一次回风系统空气处理过程有一个再热过程, 存在较大的能源浪费。洁净手术室再热量为所需冷量的50%~60%左右, 考虑到再热是电加热方式, 能耗较大, 因此对于大风量小送风温差的空调系统应尽量避免采用一次回风系统的方式进行空气处理。
7.2 二次回风处理系统。
二次回风的空气处理过程可以发现二次回风系统没有再热过程, 减少了冷热抵消, 节能效果较明显。但二次回风系统有其自身存在的不足之处, 二次回风处理过程适用于大热湿比线系统, 由二次回风系统的焓湿图可看出, 系统的机器露点是由室内状态点和热湿比线来确定的。通常手术室余湿量变化不大, 如果余热量减小, 导致ε线变得较为平缓, 从而导致机器露点降低。最终导致温湿度状态点发生偏移。按照《医院洁净手术部建筑技术规范》规定的手术室温湿度的范围较宽, 故控制精度要求不是很高, 且可采用部分电再热, 故在工程中应适当采用二次回风系统。同时, 一二次回风系统比较, 一次回风容易造成洁净手术室净化空调系统设备体积大, 冷却、加热盘管冷热抵消的现象, 而使用二次回风处理过程来代替再热过程可以有效解决这些问题。故Ⅰ级手术室设计中通常采用二次回风系统。
8 正负压转换手术室
当进行传染性疾病手术或为传染病患者进行手术时, 遵循传染病管理办法, 同时应建立负压洁净手术室或采用正负压转换形式的手术室。正负压转换手术室通常须设置前后室, 并对排风进行处理。正负压转换手术室通常有两种排风方式实现:
8.1 通过双速排风机来实现, 正压时运行排风机的低位档, 负压时运行排风机的高位档, 在排风管道上设置双位控制开关进行切换。
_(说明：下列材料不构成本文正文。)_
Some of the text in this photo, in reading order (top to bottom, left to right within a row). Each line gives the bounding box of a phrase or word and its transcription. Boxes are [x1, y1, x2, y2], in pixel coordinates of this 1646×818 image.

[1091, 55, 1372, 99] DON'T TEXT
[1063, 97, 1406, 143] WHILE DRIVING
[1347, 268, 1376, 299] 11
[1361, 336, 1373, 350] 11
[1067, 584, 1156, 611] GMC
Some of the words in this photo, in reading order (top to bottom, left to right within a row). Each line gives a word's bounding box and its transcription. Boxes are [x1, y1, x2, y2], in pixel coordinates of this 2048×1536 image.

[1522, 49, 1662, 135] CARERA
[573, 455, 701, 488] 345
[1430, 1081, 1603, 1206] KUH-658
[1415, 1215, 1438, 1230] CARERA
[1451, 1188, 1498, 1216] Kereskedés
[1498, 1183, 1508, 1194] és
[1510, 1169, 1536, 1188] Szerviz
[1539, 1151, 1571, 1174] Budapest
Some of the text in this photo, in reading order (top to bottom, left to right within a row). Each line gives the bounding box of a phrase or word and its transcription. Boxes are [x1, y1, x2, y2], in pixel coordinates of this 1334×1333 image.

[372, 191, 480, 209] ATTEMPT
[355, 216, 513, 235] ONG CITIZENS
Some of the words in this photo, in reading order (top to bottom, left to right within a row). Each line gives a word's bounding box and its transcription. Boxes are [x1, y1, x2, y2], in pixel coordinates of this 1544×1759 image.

8.2 采用并联排风机, 正压运行时开启一台排风机, 负压运行时, 开启
2台排风机。以上两种排风运行方案, 设计中均有设计。
结束语
在从事洁净手术部的设计及相关规范的研究过程中, 对洁净手术部的设计中提出些需要注意的几点问题, 归纳如下:a.保证手术室内合理的气流组织, 有效的压力梯度分布;从而有效地消除或减少交叉感染的隐患。b.对于大风量、小送风温差的系统采用二次回风系统, 满足我国节能的要求;c.洁净手术部区域内的冷热源系统采用一套独立的冷热源系统。
参考文献
[1]GB50333-2002, 医院洁净手术部建筑技术规范.
[2]许钟麟.洁净手术部建设实施指南[M].北京:科学出版社.
[3]梅自力.医院建筑空调设计[M].北京:.中国建筑工业出版社.
[4]沈晋明.洁净手术部的净化空调系统设计理念与方法[J].暖通空调, 2001, 5.